During his time at Columbia, Smith met Helen Dominick, daughter of a prominent New York City lawyer. They married in 1902 and had their first child, Helen, in 1903. Smith graduated from Columbia Law in 1904 and passed the New York State Bar exam shortly there after. After graduation, Smith began his career working for the Legal Aid Society in New York City. However, Smith developed tuberculosis shortly after and relocated to the cleaner and drier air of Colorado in an attempt to ease the complications associated with his illness. Smith passed the Colorado Bar exam in 1906 and slowly returned to legal practice. He spent his first few years in Colorado between legal work for the law firm of Lunt, Brooks and Wilcox and a land investment venture with a partner at the firm. After the investment failed in 1911, Smith partnered with Daniel Knowlton to establish the firm of Smith and Knowlton. The firm focused on cases involving public utilities, natural resources, estates, and property.

Though Smith was a relatively successful attorney, he maintained a desire to serve the public. He jumped at an opportunity to turn to public service at the outbreak of World War I. Smith involved himself in relief work, helping to raise money for various charities that aimed to provide relief to war-torn European nations. In order to focus what he considered at scattershot relief effort, Smith organized the War Sufferers’ Relief Committee in 1916.

Smith became directly involved in government service after the United States’ entry into World War I. Unable to pass the Army physical, he took the position Federal Food Administrator for El Paso County. Smith worked to enroll families in the food conservation program to aid the war effort. The county office was a division of the United States Food Administration, and after distinguishing himself through this work, Herbert Hoover tapped Smith to join the staff of the Food Administration in Washington, D.C. Smith arrived in Washington in December 1917 and began working in the cooperating organizations section of the States Administration Division of the Food Administration. The responsibility of his position involved streamlining operations, and identifying needs and targeting the best religious, fraternal, or social organization that could fulfill those needs.

While in Washington, Smith developed a renewed interest in his alma mater.

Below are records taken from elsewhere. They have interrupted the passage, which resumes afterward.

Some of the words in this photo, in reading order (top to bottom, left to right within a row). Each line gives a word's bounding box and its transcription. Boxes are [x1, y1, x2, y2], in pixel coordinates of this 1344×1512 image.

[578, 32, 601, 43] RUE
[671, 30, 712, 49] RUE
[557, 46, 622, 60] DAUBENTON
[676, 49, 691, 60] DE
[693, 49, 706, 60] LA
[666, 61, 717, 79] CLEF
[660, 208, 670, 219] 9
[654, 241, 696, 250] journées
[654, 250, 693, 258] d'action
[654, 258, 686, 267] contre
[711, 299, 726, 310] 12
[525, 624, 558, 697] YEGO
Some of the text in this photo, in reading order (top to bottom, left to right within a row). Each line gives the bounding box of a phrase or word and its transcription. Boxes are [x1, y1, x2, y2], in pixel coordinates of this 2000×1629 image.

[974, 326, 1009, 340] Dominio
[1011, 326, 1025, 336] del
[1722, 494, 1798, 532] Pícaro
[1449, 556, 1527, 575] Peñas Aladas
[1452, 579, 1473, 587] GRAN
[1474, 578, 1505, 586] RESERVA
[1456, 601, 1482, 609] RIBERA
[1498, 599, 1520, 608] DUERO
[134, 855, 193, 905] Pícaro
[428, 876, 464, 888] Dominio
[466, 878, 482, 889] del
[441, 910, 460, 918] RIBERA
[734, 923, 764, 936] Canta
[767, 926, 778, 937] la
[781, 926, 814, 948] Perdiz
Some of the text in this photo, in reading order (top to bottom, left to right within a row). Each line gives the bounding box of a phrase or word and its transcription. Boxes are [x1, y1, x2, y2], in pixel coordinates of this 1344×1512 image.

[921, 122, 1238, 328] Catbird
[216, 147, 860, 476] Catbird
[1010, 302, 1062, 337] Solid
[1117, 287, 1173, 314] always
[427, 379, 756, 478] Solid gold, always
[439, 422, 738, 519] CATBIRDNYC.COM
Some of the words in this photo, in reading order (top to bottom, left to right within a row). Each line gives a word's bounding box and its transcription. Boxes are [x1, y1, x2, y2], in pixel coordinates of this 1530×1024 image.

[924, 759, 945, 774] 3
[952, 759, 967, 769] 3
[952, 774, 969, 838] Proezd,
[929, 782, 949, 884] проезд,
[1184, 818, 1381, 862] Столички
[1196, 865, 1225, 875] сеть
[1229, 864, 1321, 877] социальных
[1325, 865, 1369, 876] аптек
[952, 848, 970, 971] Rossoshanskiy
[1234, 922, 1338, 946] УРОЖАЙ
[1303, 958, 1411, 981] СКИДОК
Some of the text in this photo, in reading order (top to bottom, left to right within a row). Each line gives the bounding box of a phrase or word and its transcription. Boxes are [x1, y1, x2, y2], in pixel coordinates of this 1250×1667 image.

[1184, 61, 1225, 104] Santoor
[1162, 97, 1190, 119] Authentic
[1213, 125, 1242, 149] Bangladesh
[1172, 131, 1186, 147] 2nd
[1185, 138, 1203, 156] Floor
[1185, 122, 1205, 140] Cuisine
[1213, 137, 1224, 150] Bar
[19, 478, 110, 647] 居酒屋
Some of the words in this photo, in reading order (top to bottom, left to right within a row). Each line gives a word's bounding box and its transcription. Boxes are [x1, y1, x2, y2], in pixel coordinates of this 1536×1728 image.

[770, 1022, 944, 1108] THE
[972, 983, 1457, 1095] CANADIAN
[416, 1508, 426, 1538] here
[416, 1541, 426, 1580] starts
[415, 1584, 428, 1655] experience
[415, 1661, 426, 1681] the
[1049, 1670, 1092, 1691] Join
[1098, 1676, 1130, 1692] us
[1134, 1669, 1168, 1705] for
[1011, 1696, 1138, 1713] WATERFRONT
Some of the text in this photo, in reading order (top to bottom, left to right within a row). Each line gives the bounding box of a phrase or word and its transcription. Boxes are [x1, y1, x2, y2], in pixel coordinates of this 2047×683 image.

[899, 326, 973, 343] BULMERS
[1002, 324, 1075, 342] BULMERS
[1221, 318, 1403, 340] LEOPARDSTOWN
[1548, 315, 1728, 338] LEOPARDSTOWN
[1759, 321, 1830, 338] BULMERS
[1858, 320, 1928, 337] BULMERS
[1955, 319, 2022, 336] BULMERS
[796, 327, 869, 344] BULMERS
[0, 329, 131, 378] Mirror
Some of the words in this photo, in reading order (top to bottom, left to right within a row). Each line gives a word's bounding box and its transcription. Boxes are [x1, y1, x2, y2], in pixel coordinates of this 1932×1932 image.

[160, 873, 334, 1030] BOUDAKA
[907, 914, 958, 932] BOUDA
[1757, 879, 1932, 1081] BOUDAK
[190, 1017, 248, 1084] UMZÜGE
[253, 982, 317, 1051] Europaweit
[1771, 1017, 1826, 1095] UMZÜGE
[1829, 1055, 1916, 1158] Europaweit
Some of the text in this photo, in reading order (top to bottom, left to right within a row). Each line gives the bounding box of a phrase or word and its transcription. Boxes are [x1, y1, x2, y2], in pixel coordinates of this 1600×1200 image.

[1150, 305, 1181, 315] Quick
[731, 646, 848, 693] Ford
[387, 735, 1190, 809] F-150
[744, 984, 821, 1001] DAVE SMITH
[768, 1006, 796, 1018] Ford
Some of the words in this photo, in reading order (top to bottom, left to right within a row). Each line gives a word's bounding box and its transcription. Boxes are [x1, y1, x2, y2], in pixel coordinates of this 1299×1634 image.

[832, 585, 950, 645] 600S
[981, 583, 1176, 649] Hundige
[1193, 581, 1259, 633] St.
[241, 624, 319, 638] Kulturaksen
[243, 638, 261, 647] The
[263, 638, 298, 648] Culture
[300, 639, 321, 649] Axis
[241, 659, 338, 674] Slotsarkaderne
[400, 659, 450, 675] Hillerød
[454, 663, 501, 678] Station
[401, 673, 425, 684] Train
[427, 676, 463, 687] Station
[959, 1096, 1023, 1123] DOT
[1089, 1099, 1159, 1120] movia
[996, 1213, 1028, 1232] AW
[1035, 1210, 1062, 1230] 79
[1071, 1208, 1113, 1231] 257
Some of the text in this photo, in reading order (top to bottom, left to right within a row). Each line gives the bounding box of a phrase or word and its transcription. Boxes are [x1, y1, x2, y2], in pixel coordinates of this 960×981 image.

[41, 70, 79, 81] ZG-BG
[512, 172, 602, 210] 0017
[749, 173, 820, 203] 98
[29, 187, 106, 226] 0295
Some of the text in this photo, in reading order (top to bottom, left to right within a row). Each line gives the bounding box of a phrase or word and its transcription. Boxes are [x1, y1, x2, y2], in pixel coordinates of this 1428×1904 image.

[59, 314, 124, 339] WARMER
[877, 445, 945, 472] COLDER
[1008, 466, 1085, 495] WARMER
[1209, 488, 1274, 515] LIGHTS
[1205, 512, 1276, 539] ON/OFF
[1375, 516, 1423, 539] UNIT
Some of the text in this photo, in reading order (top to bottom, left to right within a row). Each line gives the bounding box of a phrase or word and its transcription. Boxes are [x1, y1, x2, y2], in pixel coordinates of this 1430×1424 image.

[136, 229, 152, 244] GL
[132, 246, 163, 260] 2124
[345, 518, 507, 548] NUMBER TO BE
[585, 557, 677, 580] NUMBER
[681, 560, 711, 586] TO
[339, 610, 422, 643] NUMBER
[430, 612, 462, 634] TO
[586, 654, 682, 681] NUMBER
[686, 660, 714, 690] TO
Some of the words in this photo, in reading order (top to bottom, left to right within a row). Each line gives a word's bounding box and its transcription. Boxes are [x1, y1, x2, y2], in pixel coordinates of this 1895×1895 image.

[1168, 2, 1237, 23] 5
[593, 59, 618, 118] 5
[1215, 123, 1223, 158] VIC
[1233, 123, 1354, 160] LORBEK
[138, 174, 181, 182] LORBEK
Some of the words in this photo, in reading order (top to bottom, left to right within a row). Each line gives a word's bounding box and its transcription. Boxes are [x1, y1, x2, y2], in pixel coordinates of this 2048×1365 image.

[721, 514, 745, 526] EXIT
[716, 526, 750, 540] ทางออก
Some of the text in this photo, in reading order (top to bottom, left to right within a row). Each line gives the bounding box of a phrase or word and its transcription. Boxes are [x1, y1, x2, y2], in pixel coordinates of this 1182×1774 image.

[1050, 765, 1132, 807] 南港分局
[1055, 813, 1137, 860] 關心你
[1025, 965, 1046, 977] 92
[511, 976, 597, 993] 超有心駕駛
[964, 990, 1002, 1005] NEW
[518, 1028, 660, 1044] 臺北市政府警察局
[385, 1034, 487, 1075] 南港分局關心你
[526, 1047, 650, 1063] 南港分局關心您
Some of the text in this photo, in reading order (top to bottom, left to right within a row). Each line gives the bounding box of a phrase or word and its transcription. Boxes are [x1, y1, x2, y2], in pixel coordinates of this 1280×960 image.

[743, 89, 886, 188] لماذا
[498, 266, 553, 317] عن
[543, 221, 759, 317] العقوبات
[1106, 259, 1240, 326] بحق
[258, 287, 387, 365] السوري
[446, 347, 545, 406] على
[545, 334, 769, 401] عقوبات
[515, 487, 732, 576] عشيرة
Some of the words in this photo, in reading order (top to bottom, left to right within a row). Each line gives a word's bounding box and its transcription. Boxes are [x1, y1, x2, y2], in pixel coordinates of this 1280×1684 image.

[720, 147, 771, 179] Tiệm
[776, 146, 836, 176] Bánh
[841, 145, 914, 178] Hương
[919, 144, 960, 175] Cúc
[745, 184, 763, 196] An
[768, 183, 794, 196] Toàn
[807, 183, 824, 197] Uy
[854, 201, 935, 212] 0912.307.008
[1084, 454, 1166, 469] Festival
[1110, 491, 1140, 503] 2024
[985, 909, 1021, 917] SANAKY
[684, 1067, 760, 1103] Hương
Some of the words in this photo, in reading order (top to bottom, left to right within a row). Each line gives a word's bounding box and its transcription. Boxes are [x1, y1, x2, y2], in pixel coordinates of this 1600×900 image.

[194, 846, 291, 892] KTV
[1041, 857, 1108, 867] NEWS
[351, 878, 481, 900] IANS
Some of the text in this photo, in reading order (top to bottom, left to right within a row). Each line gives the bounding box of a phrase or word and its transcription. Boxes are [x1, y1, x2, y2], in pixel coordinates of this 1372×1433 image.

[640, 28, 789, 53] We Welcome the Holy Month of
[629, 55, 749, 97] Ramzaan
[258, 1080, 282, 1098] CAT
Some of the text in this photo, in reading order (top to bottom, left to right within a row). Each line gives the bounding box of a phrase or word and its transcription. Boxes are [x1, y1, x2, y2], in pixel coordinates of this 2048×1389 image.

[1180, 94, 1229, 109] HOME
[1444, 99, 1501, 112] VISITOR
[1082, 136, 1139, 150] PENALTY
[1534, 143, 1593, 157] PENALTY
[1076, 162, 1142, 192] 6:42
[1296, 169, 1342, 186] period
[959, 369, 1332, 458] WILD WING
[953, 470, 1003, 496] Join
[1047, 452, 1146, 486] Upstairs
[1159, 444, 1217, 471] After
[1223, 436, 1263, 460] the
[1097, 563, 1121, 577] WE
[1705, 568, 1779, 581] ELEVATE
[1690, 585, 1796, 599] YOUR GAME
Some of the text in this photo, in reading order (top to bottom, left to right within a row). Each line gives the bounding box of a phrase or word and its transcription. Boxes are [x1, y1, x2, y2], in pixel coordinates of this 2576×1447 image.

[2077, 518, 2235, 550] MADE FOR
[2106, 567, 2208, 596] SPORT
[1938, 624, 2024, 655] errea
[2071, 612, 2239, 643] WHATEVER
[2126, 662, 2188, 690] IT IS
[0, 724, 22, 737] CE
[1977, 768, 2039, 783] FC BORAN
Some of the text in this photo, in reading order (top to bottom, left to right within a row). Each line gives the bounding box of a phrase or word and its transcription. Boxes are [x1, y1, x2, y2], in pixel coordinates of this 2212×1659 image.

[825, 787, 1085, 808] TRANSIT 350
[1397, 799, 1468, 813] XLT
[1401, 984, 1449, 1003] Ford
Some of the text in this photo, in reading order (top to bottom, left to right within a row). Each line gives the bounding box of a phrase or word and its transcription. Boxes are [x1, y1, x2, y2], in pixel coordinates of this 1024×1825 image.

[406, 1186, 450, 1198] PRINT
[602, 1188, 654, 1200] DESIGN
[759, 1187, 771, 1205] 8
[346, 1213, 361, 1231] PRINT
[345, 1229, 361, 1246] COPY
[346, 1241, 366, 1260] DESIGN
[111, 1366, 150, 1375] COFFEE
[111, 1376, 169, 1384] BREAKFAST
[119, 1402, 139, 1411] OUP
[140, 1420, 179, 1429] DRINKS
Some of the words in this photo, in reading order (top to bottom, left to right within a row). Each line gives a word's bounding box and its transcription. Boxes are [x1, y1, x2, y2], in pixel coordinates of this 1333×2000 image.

Smith was encouraged by fellow alumni critical of current university policy to visit Princeton, and after receiving approval from President John Grier Hibben, he spent two months of 1919 interviewing administration, faculty, and trustees. Shortly after completing this task, Hibben offered Smith a position at the University. Smith spent the next year chairing the Committee on University Organization, which surveyed finances, academics, campus life, the endowment campaign, and the University’s future goals, and concluded that the University needed to operate in a more business-like, streamlined manner. Among the committee’s recommendations were plans to overhaul alumni activities, expand fundraising, raise faculty salaries, and reorganize administrative offices and operations. Included in the committee’s suggestions for administrative reorganization was the proposal to create the position of executive secretary, a role intended to serve as an assistant to the president. Smith became the first person to hold the position in the fall of 1920, and he spent the next several years attempting to implement many of the committee’s recommendations.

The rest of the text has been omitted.